Hyperliquid is releasing 1.2 million HYPE for team acquisitions on January 6, kicking off a 24-month monthly unlock schedule, alongside buybacks, burns and modest net inflation.
Summary
- Hyperliquid made an undeployed 1.2 million HYPE on December 28, 2025, ahead of a team distribution on January 6, 2026, the first in a 24-month vesting plan.
- The 1.2 million HYPE is equal to about 0.3% of the total supply of 420 million, with daily buybacks and previous 37 million token burns helping to offset the selling pressure.

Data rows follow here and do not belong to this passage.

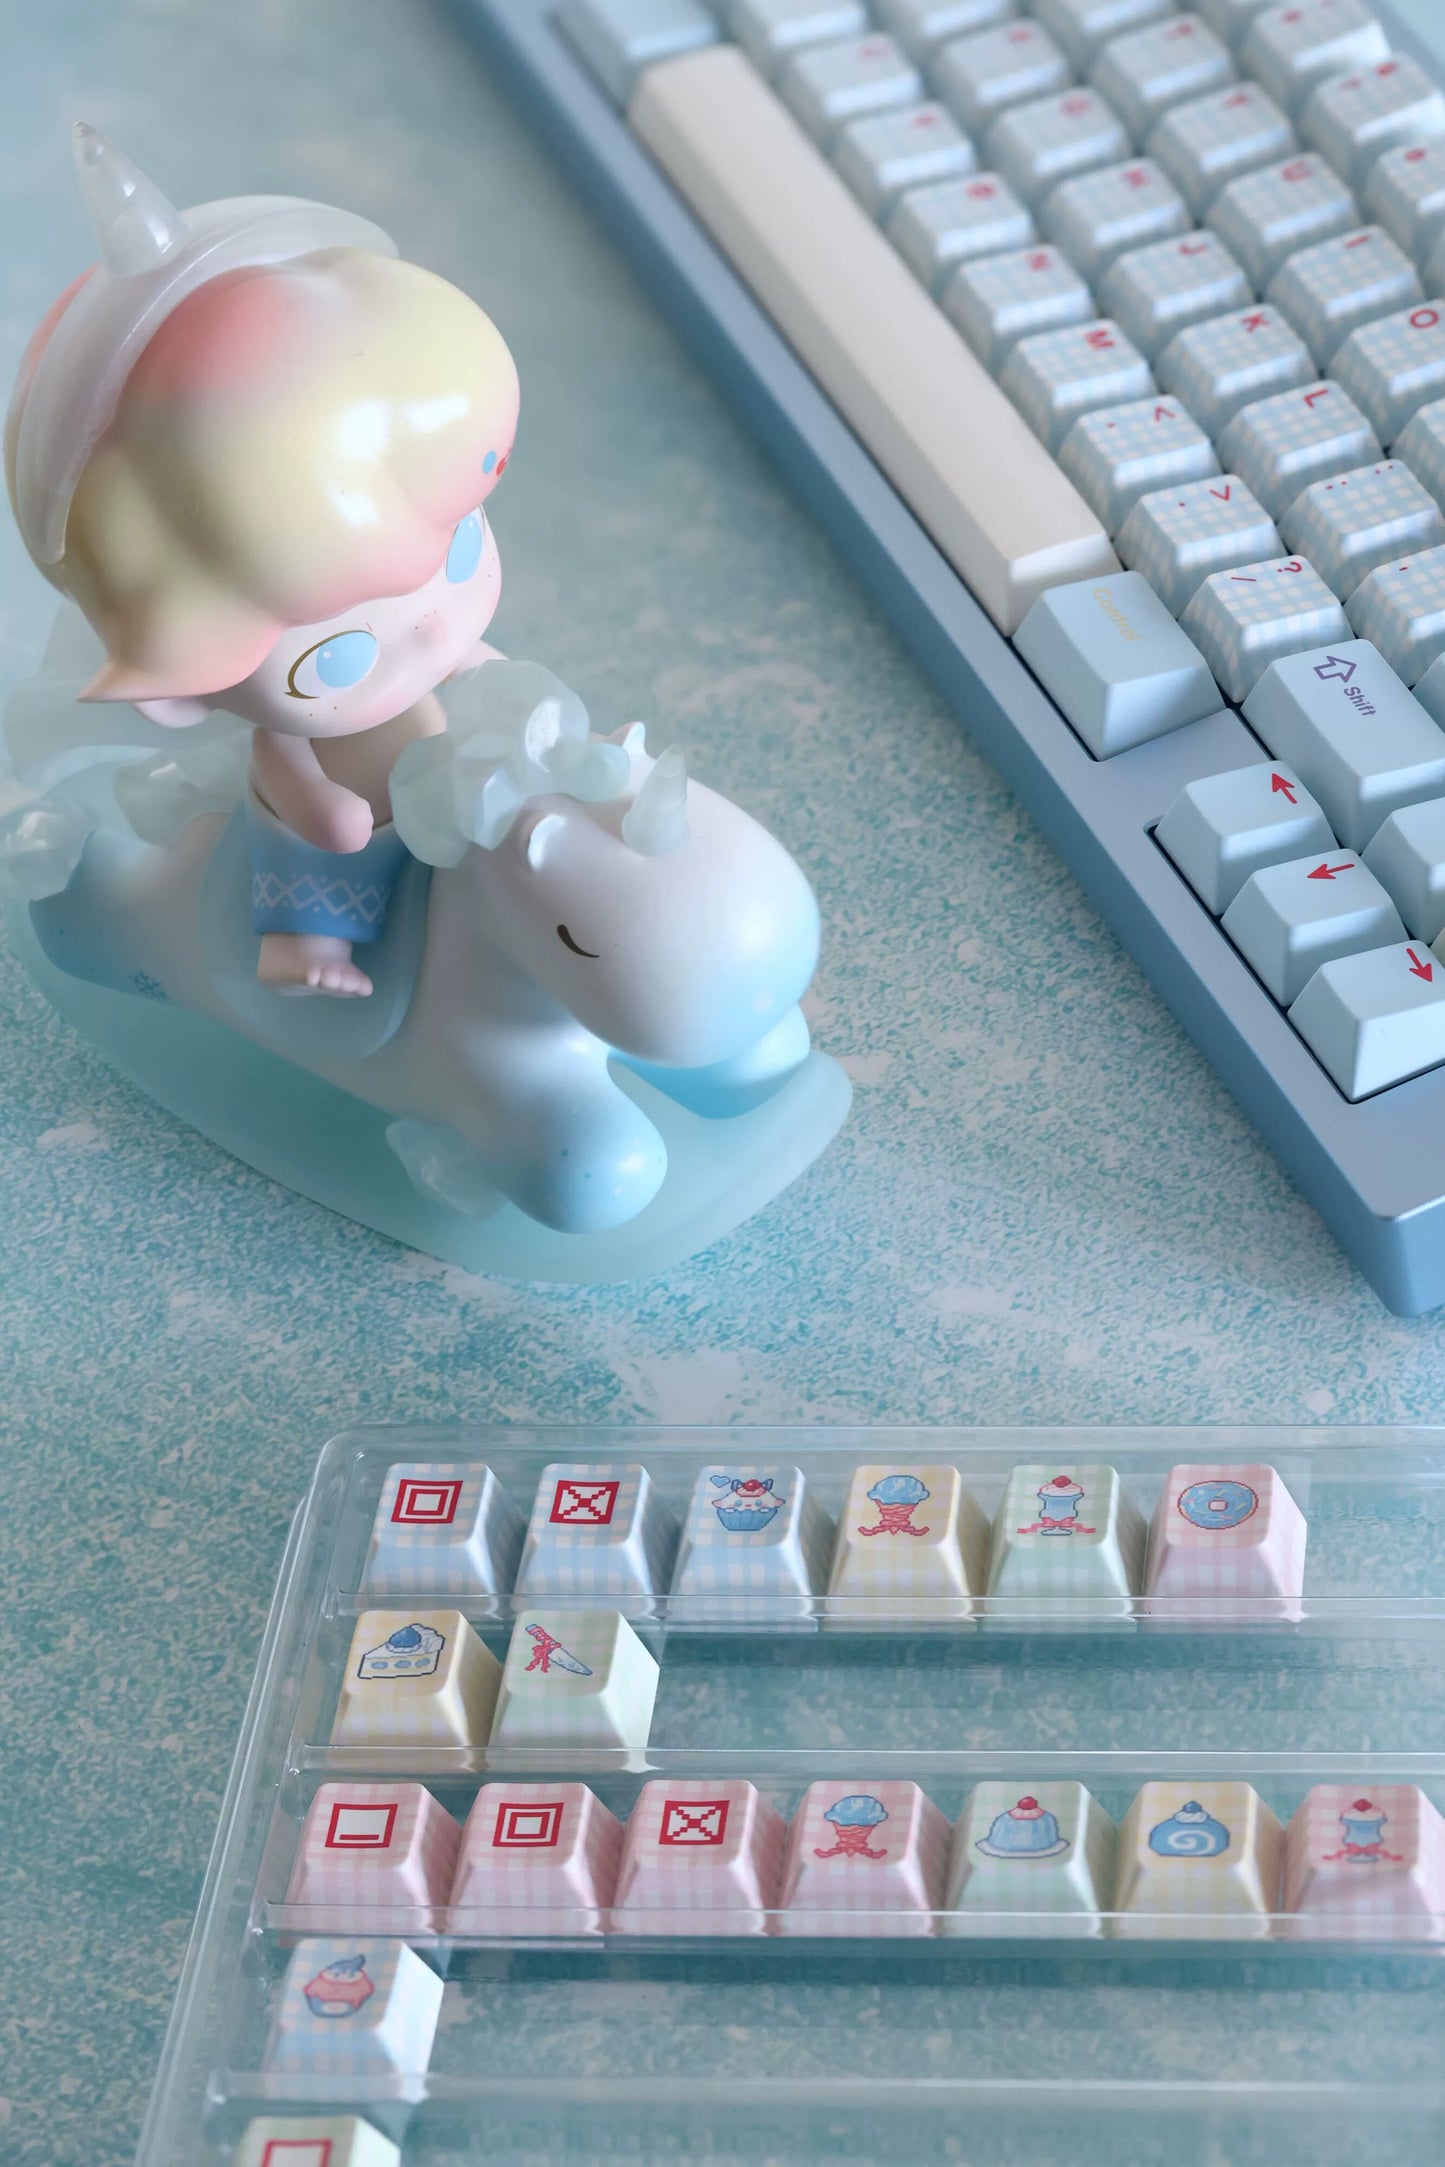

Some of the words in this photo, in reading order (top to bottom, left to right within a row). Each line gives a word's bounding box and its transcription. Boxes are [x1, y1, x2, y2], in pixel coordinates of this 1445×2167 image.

[1241, 312, 1270, 334] K
[1408, 308, 1440, 330] O
[1083, 328, 1117, 350] M
[1303, 388, 1329, 410] L
[1277, 561, 1303, 574] ?
[1092, 587, 1141, 641] Control
[1343, 686, 1376, 715] Shift

- The team allocation is approximately 24% of the supply, with monthly unlocks that the project says align with standard DeFi token vesting practices.

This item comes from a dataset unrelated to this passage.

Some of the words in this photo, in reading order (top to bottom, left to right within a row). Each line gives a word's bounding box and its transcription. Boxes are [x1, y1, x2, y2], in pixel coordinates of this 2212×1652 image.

Hyperliquid (HYPE) has redeemed 1.2 million HYPE tokens from Hyperliquid Labs ahead of a planned distribution on January 6, according to an announcement from the company. This move follows the team’s 24-month vesting schedule, with future distributions taking place on the sixth day of each month.
Hyperliquid prepares for team assignment
The strike took place on December 28, 2025, in preparation for the team division on January 6, 2026, according to the announcement. The tokens come from Hyperliquid Labs and are part of the team allocation. The company stated that the process is routine and in line with existing acquisition conditions.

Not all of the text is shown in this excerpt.